A multi reaction kinetic model to describe the enzymatic transesterification reaction of jatropha oil using a fermented solid containing lipases 用含脂肪酶的发酵固体描述麻疯树油酶促酯交换反应的多反应动力学模型

IF 6.4 3区环境科学与生态学 Q2 ENERGY & FUELS

Carbon Resources Conversion

Pub Date : 2024-08-28 DOI: 10.1016/j.crcon.2024.100272

Diana D. Alcalá-Galiano-Morell , Luis B. Ramos-Sánchez , Patrick Fickers , Evelyn Romero-Borbón , Néstor D. Ortega-de la Rosa , Jesús Córdova

The advancement of more precise tools for sustainable process design in enzymatic biodiesel synthesis from renewable sources is crucial. Kinetics of solvent-free transesterification reactions were conducted across a temperature spectrum from 30 °C to 60 °C, utilizing Jatropha curcas oil (T_G) and ethanol as substrates, alongside a fermented solid by Rhizopus homothallicus as the biocatalyst. The dynamics of chemical species concentrations were monitored through High-performance Thin-Layer Chromatography. Maximum productivities were achieved at 35 °C and 60 °C for biodiesel (293.24 and 299.02 g kg biocat⁻¹ h⁻¹, respectively), at 40 °C for diglycerides (1018.36 g kg biocat⁻¹ h⁻¹), and at 35 °C for monoglycerides (560.75 g kg biocat⁻¹ h⁻¹). Maximum yields were determined at 30 °C for fatty acid ethyl esters (0.56 g gT_G⁻¹), and at 40 °C for diglycerides (0.53 g gT_G⁻¹) and monoglycerides (0.30 g gT_G⁻¹). Based on the experimental findings, a kinetic model was formulated encompassing three reversible transesterification reactions. Individual reactions were structured following classical biochemical kinetics, inclusive of ethanol inhibition. Model fitting was executed through non-linear multivariable regression techniques, with the minimum of the average coefficient of variation of the residuals (ACV_R) serving as the objective function. The resulting fit of the kinetic model to the experimental data proved satisfactory, with an ACV_R of less than 5 % across all instances. Notably, the maximum biodiesel productivity, obtained in this work, represented the highest value, compared to other related studies, using a fermented solid as a biocatalyst.
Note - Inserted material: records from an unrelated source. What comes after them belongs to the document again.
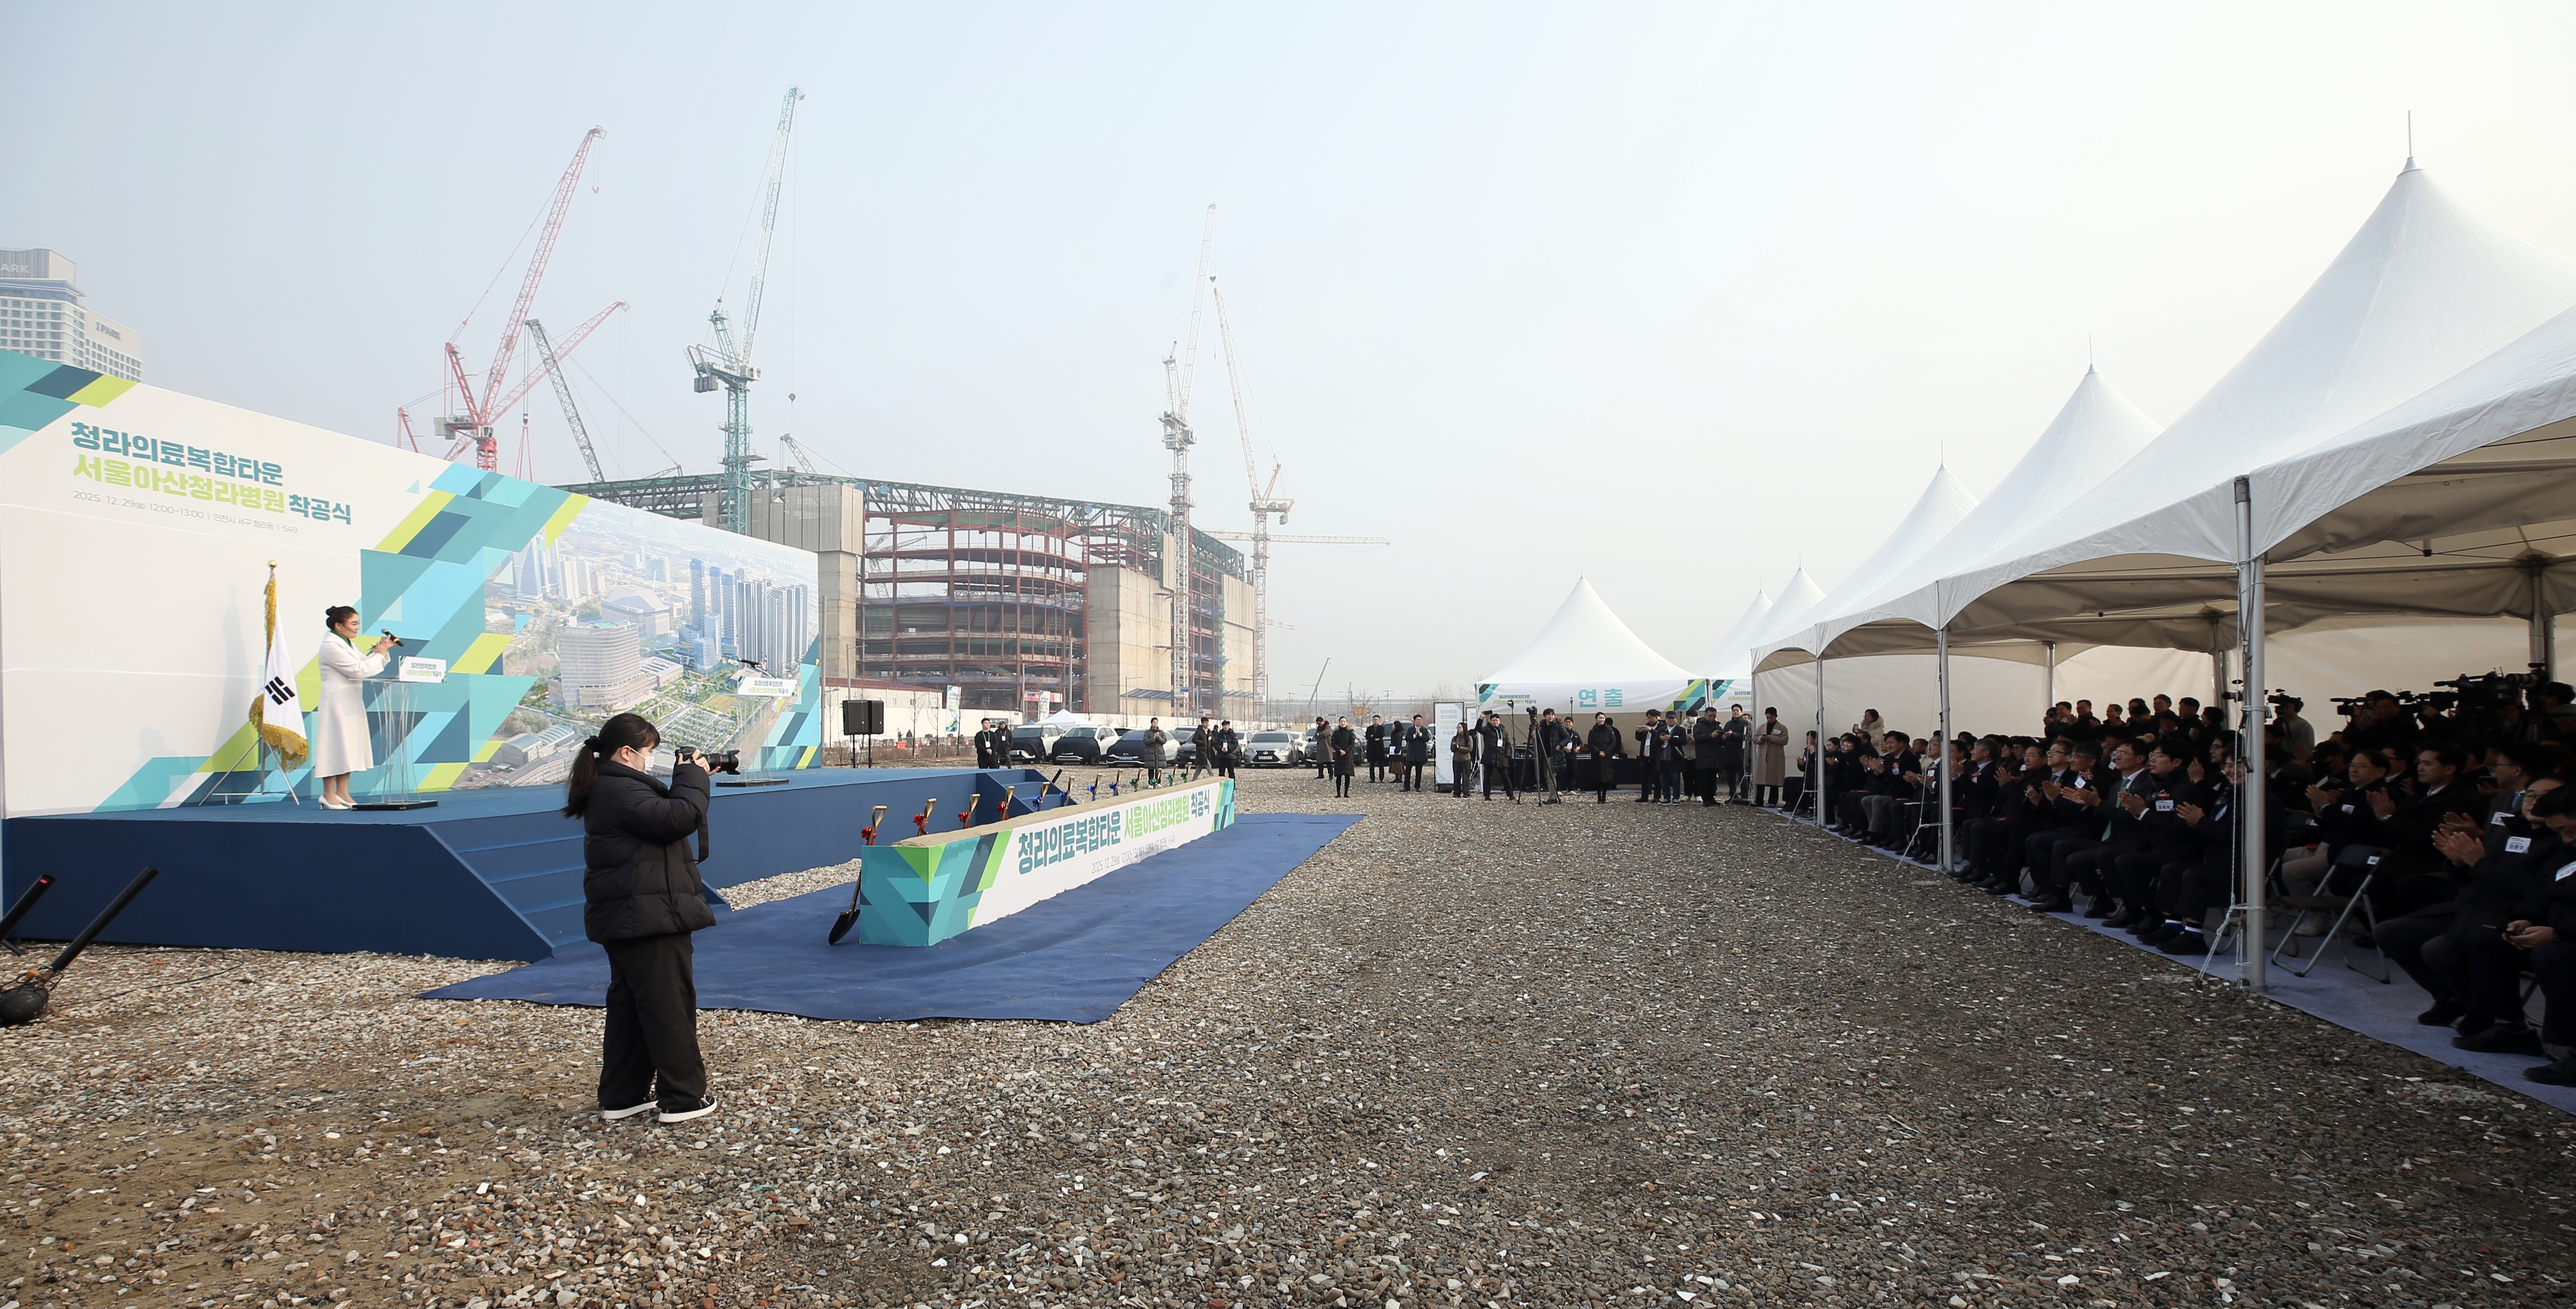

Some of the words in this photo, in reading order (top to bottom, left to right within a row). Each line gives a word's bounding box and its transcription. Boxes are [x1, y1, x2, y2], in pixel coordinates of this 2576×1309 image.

[71, 421, 283, 487] 청라의료복합타운
[73, 454, 285, 513] 서울아산청라병원
[289, 494, 352, 525] 착공식
[73, 491, 103, 503] 2025.
[106, 496, 120, 505] 12.
[149, 503, 204, 518] 12:00~13:00
[213, 513, 236, 524] 인천시
[253, 520, 274, 530] 청라동
[276, 524, 298, 533] 1-549
[1018, 811, 1121, 875] 청라의료복합타운
[1125, 795, 1189, 840] 서울아산청라병원
[1191, 789, 1209, 818] 착공식
[1092, 861, 1104, 874] 2025.
更精确的工具的进步，可持续的过程设计酶合成生物柴油从可再生资源是至关重要的。在30 ~ 60℃的温度范围内，以麻疯树油（TG）和乙醇为底物，以同质根霉（Rhizopus homthallicus）发酵固体为生物催化剂，进行了无溶剂酯交换反应动力学研究。通过高效薄层色谱法监测化学物质浓度的动态变化。生物柴油在35°C和60°C的条件下（分别为293.24和299.02 g kg biocat - 1 h - 1），双甘油酯在40°C的条件下（1018.36 g kg biocat - 1 h - 1），单甘油酯在35°C的条件下（560.75 g kg biocat - 1 h - 1）达到最大生产率。在30°C时测定脂肪酸乙酯（0.56 g gTG−1）的最大产率，在40°C时测定二甘油酯（0.53 g gTG−1）和单甘油酯（0.30 g gTG−1）的最大产率。根据实验结果，建立了包含三个可逆酯交换反应的动力学模型。个体反应遵循经典生化动力学，包括乙醇抑制。采用非线性多变量回归技术进行模型拟合，以残差平均变异系数（ACVR）的最小值作为目标函数。动力学模型与实验数据的拟合结果令人满意，所有实例的ACVR均小于5%。值得注意的是，与使用发酵固体作为生物催化剂的其他相关研究相比，本研究中获得的最大生物柴油产量代表了最高的价值。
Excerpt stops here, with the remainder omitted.